INSTRUCTIONS TO FOLLOW> Your copy should match the entries exactly, with no images carried over.

Annotated photo localization data:
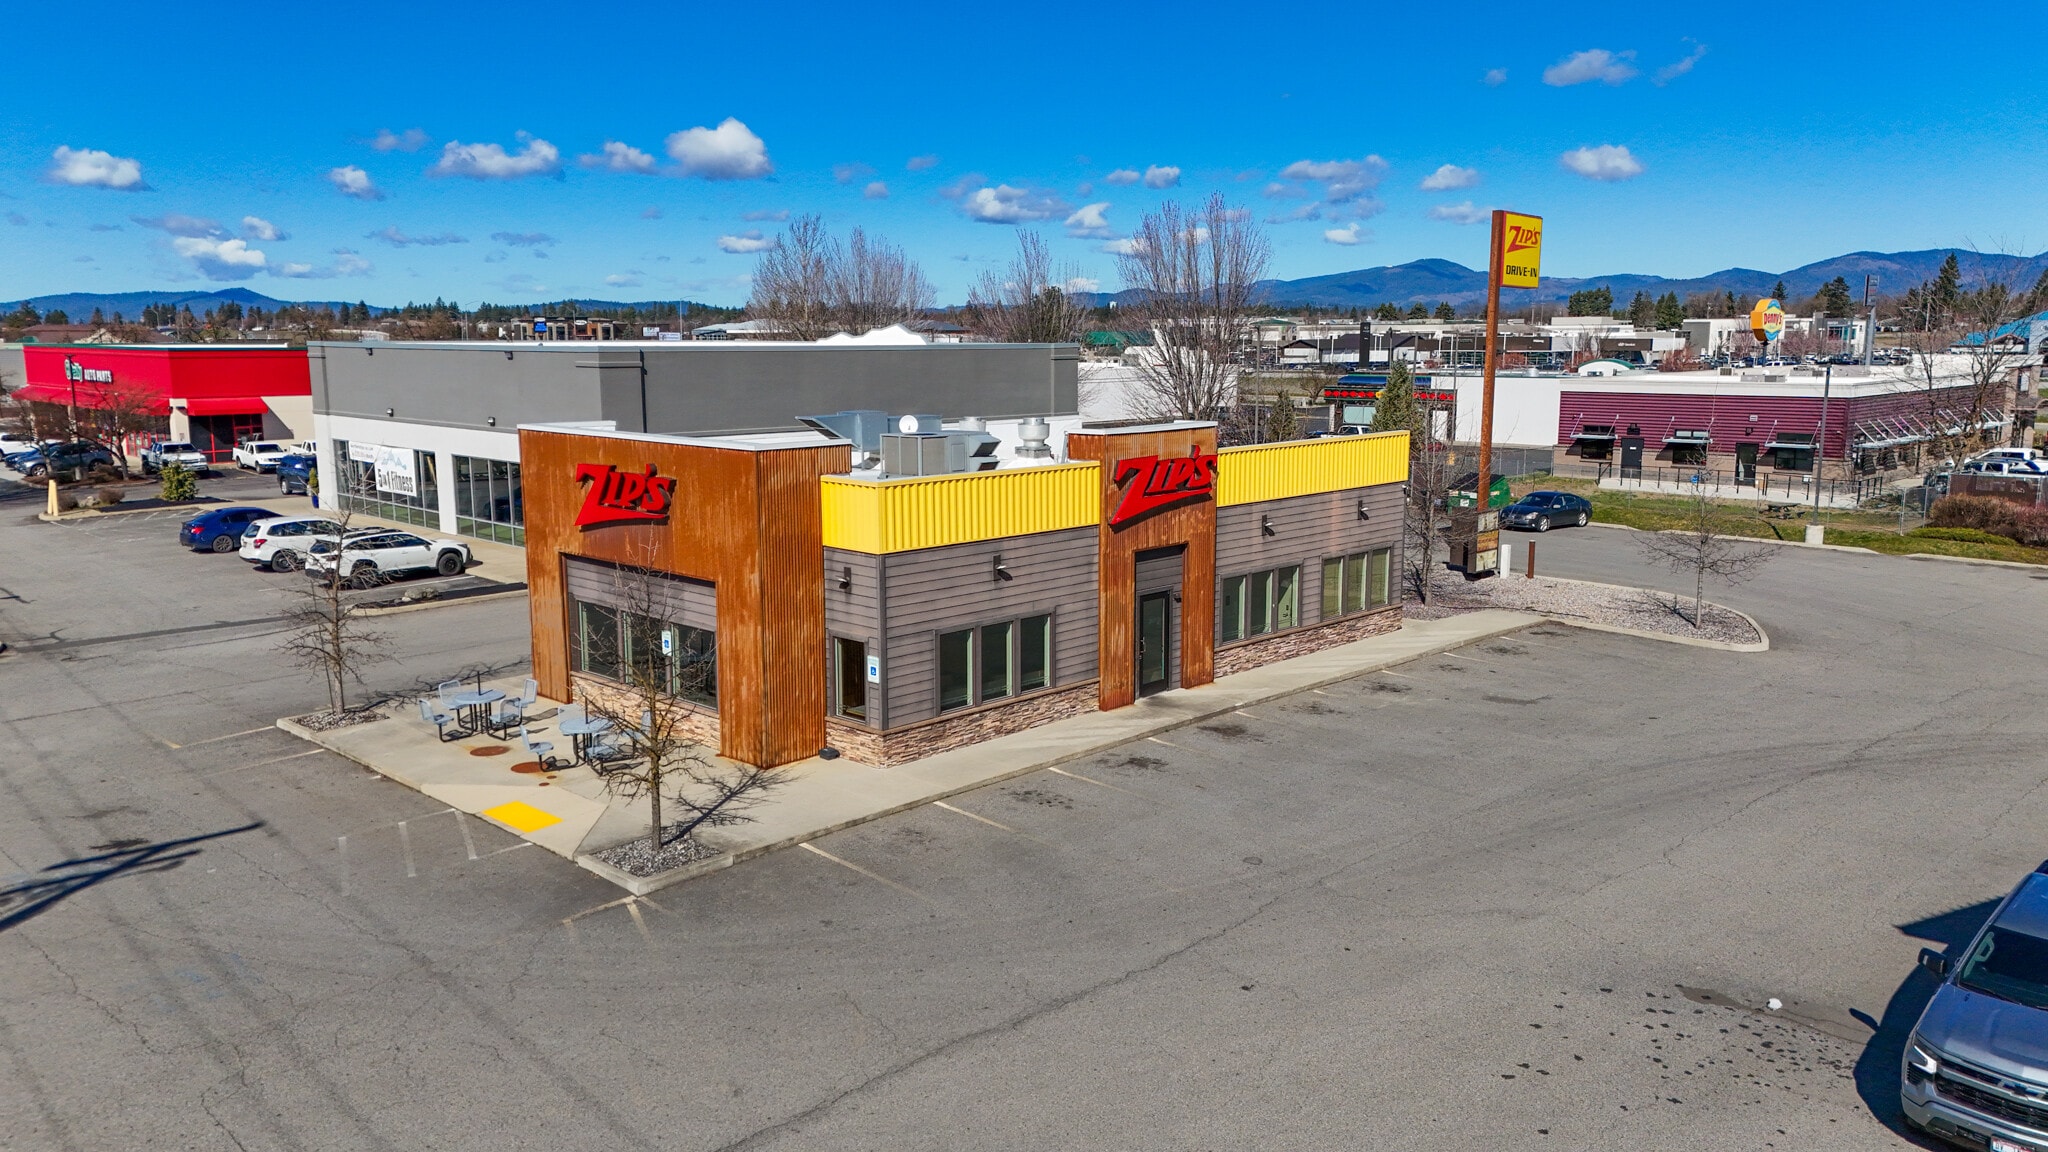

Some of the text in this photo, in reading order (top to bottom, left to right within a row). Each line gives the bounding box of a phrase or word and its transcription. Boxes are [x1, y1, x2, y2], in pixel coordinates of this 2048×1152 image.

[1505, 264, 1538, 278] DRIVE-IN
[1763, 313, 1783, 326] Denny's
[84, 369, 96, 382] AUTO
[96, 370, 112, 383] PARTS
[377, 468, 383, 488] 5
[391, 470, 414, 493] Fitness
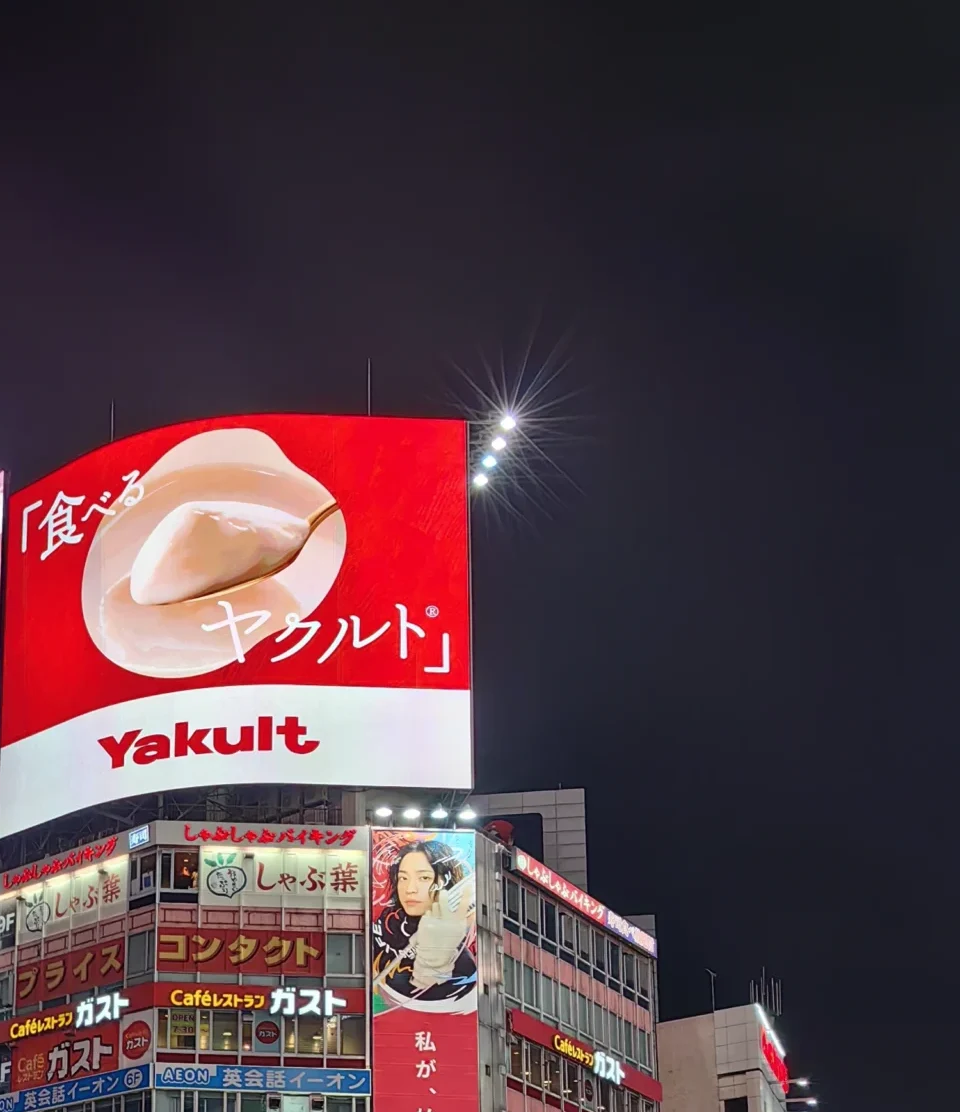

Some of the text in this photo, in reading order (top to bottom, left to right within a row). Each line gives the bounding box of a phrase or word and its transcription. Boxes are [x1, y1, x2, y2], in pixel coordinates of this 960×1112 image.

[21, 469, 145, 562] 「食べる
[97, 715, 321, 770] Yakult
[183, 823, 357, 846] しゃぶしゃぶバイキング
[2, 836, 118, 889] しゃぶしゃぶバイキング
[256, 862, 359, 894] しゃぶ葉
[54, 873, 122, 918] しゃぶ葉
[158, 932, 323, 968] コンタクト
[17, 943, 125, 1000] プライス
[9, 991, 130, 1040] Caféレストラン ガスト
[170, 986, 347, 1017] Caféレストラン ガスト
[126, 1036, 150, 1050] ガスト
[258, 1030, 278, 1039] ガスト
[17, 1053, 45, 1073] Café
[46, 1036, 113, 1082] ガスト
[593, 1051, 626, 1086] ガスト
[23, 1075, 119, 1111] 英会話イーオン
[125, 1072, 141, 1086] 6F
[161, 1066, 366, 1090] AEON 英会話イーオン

WRITTEN ANSWER>
Some of the text in this photo, in reading order (top to bottom, left to right within a row). Each line gives the bounding box of a phrase or word and its transcription. Boxes are [x1, y1, x2, y2], in pixel coordinates of this 2048×1152 image.

[1505, 264, 1538, 278] DRIVE-IN
[1763, 313, 1783, 326] Denny's
[84, 369, 96, 382] AUTO
[96, 370, 112, 383] PARTS
[377, 468, 383, 488] 5
[391, 470, 414, 493] Fitness

Some of the text in this photo, in reading order (top to bottom, left to right within a row). Each line gives the bounding box of a phrase or word and its transcription. Boxes are [x1, y1, x2, y2], in pixel coordinates of this 960×1112 image.

[21, 469, 145, 562] 「食べる
[97, 715, 321, 770] Yakult
[183, 823, 357, 846] しゃぶしゃぶバイキング
[2, 836, 118, 889] しゃぶしゃぶバイキング
[256, 862, 359, 894] しゃぶ葉
[54, 873, 122, 918] しゃぶ葉
[158, 932, 323, 968] コンタクト
[17, 943, 125, 1000] プライス
[9, 991, 130, 1040] Caféレストラン ガスト
[170, 986, 347, 1017] Caféレストラン ガスト
[126, 1036, 150, 1050] ガスト
[258, 1030, 278, 1039] ガスト
[17, 1053, 45, 1073] Café
[46, 1036, 113, 1082] ガスト
[593, 1051, 626, 1086] ガスト
[23, 1075, 119, 1111] 英会話イーオン
[125, 1072, 141, 1086] 6F
[161, 1066, 366, 1090] AEON 英会話イーオン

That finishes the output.